Desnuda, se sentó sobre la alfombra mullida, asumiendo la posición de loto: las piernas cruzadas, las manos descansando sobre las rodillas. Cerró los ojos. La imagen de una pelirroja alta con la que se había cruzado en su camino a casa se dibujó claramente en su mente y se concentró en ella. Despacio, todos los sonidos externos se desvanecieron y solo pudo escuchar su propia respiración, pausada, casi letárgica.

Con solo pensarlo, sus genes se reacomodaron, como los colores de un cubo Rubik en las manos de un niño habilidoso, cambiando carne y hueso a su antojo. Casi sin esfuerzo, su piel se aclaró y sus miembros se extendieron y se moldearon con músculo; su rostro se transformó también, reflejando las facciones de la otra mujer, y su cabello oscuro y largo se disolvió en un casquete de encendido color rojo.

Cuando finalmente se levantó y fue a revisar su nueva apariencia en el espejo, una cara desconocida la esperaba. Su cabello ya no era negro, su piel, ahora blanca y pecosa, estaba perlada de transpiración por el cambio; su nariz era más larga, su boca más fina… y había crecido hasta superar ampliamente su usual estatura.

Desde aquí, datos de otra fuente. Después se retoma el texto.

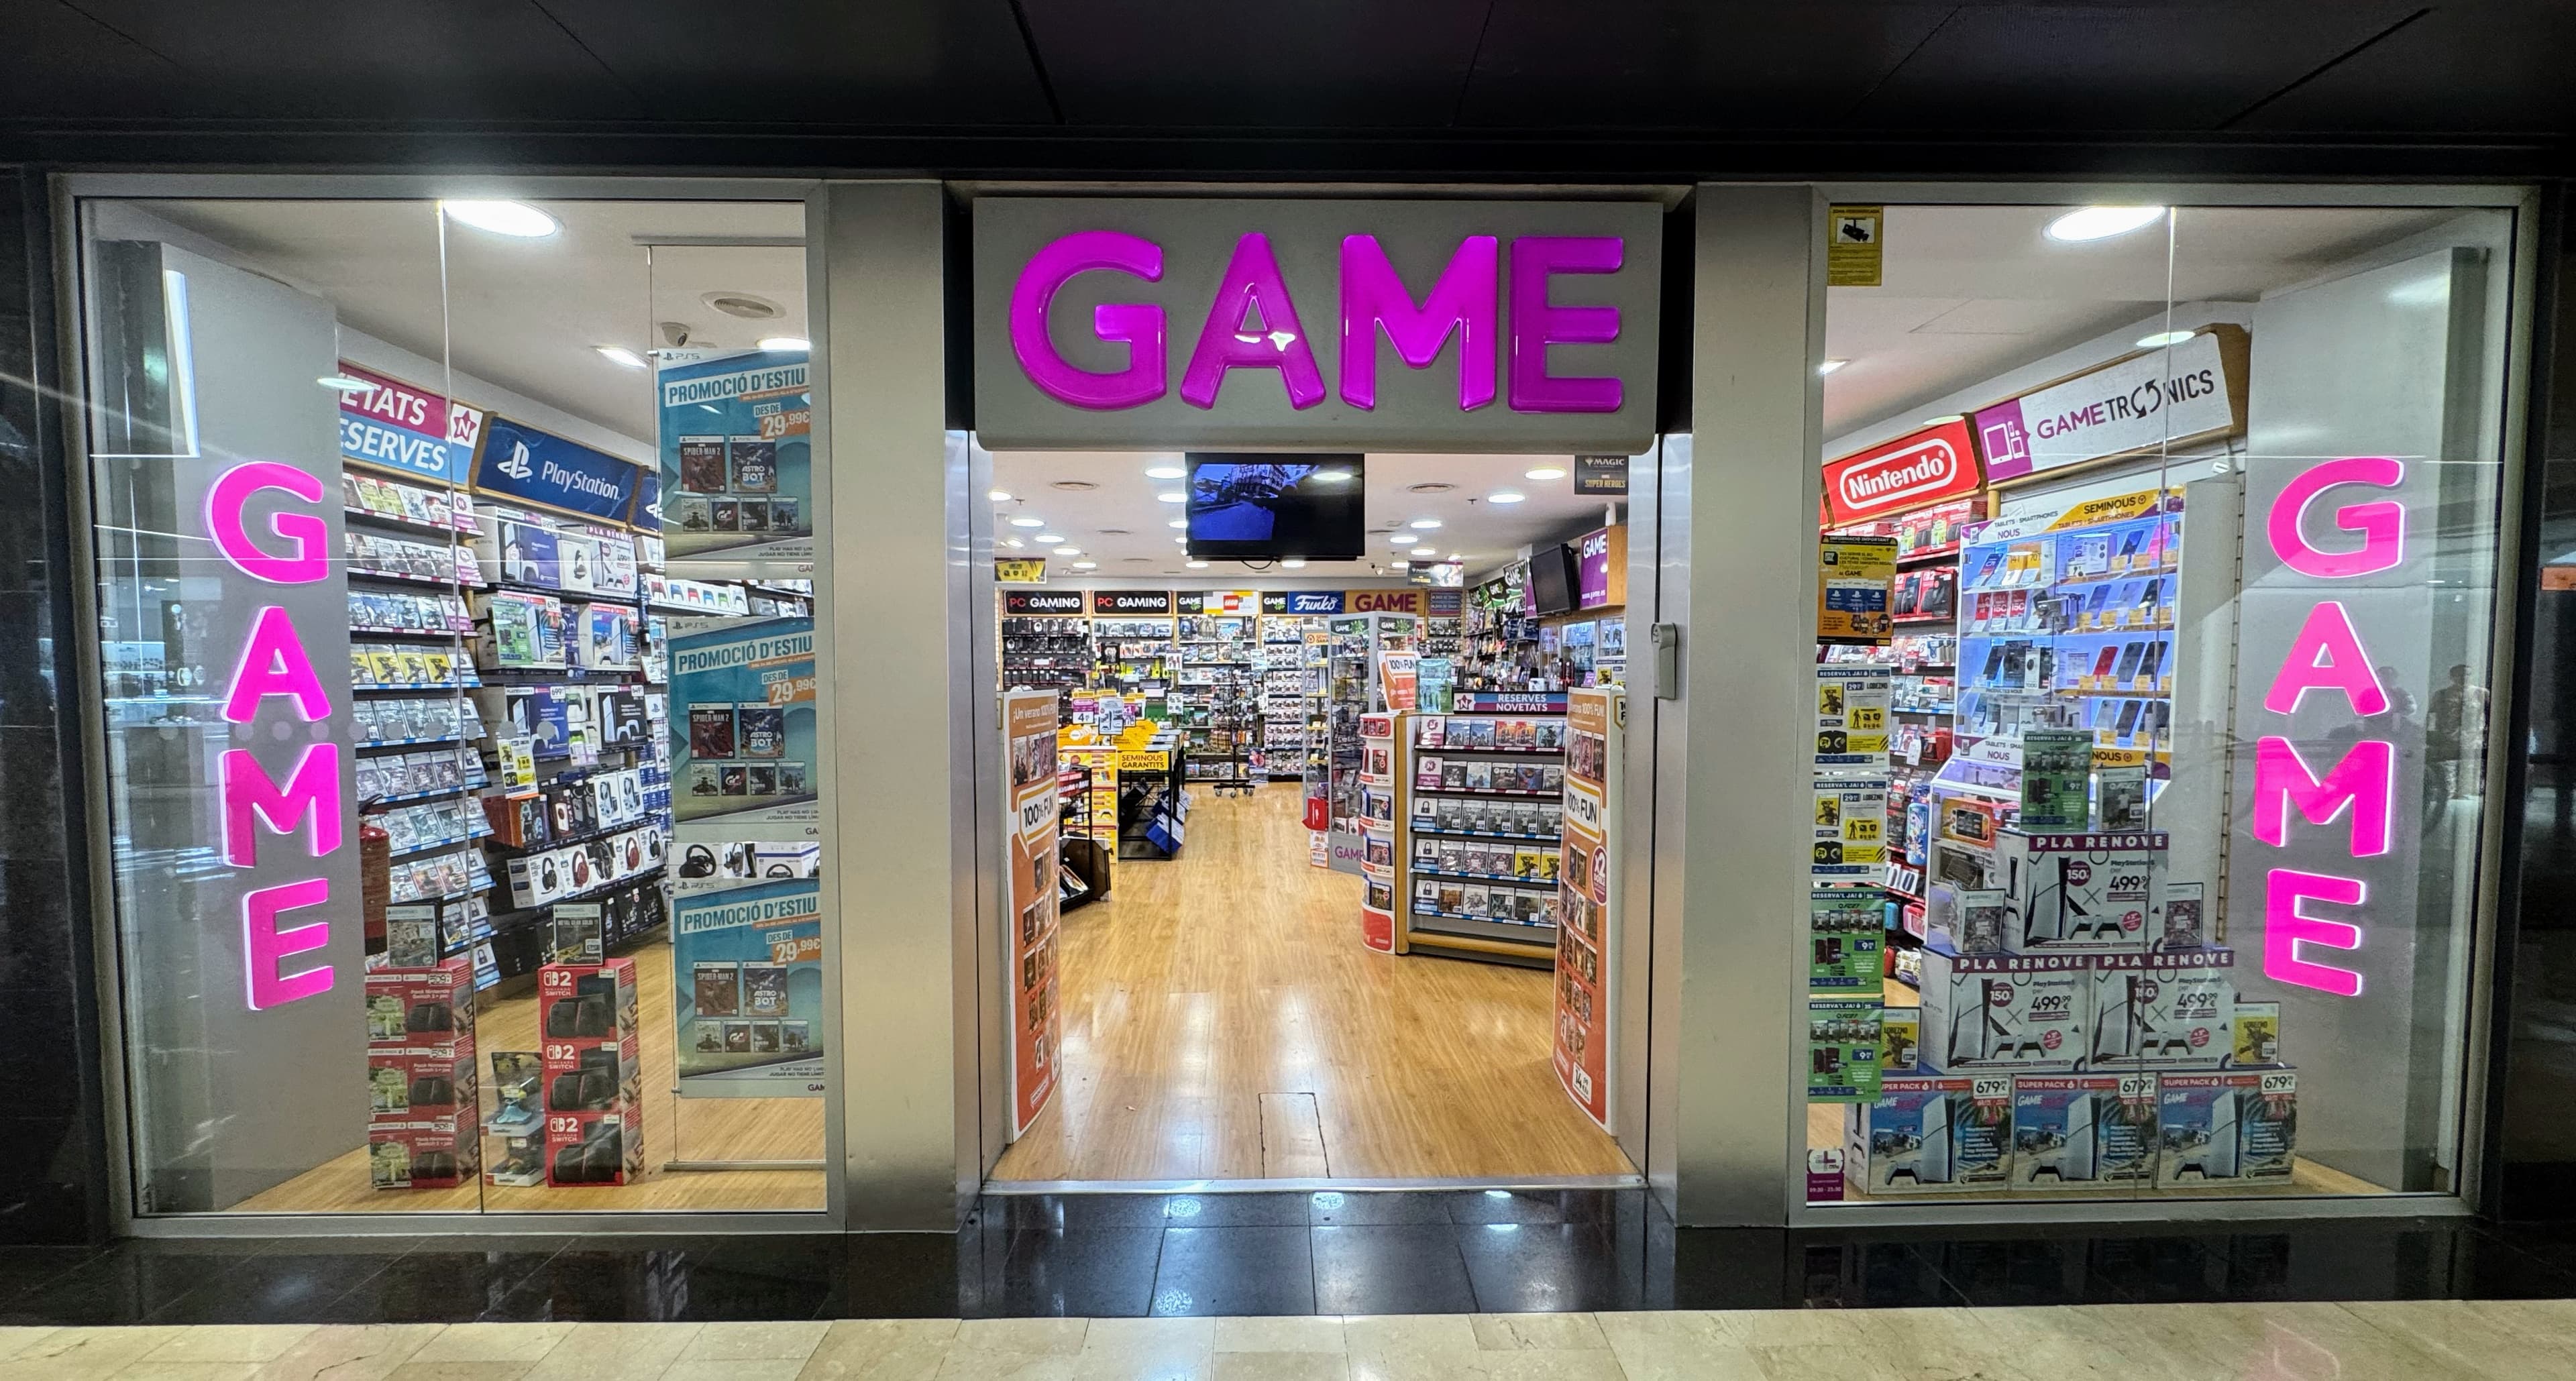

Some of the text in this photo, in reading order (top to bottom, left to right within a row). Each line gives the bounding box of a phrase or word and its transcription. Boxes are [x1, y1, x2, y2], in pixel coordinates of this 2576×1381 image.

Lo único reconocible en su rostro eran sus ojos: el mismo marrón aterciopelado de siempre la miraba desde el espejo, no el azul celeste del que los había pintado en su mente.

“Desprolijo, muy desprolijo,” se dijo, molesta; preguntándose por qué le resultaba tan difícil cambiar sus ojos, cuando traicionaban su naturaleza tan fácilmente a la hora menos deseada.

Media hora después, una pelirroja alta salió del apartamento y se dirigió a la calle. Con paso ágil, comenzó a recorrer la docena de cuadras que la separaban de su destino, incapaz de borrar la sonrisa de su rostro. A ella siempre le había gustado caminar en piel ajena; en esos momentos casi podía creer que era alguien más, alguien humano.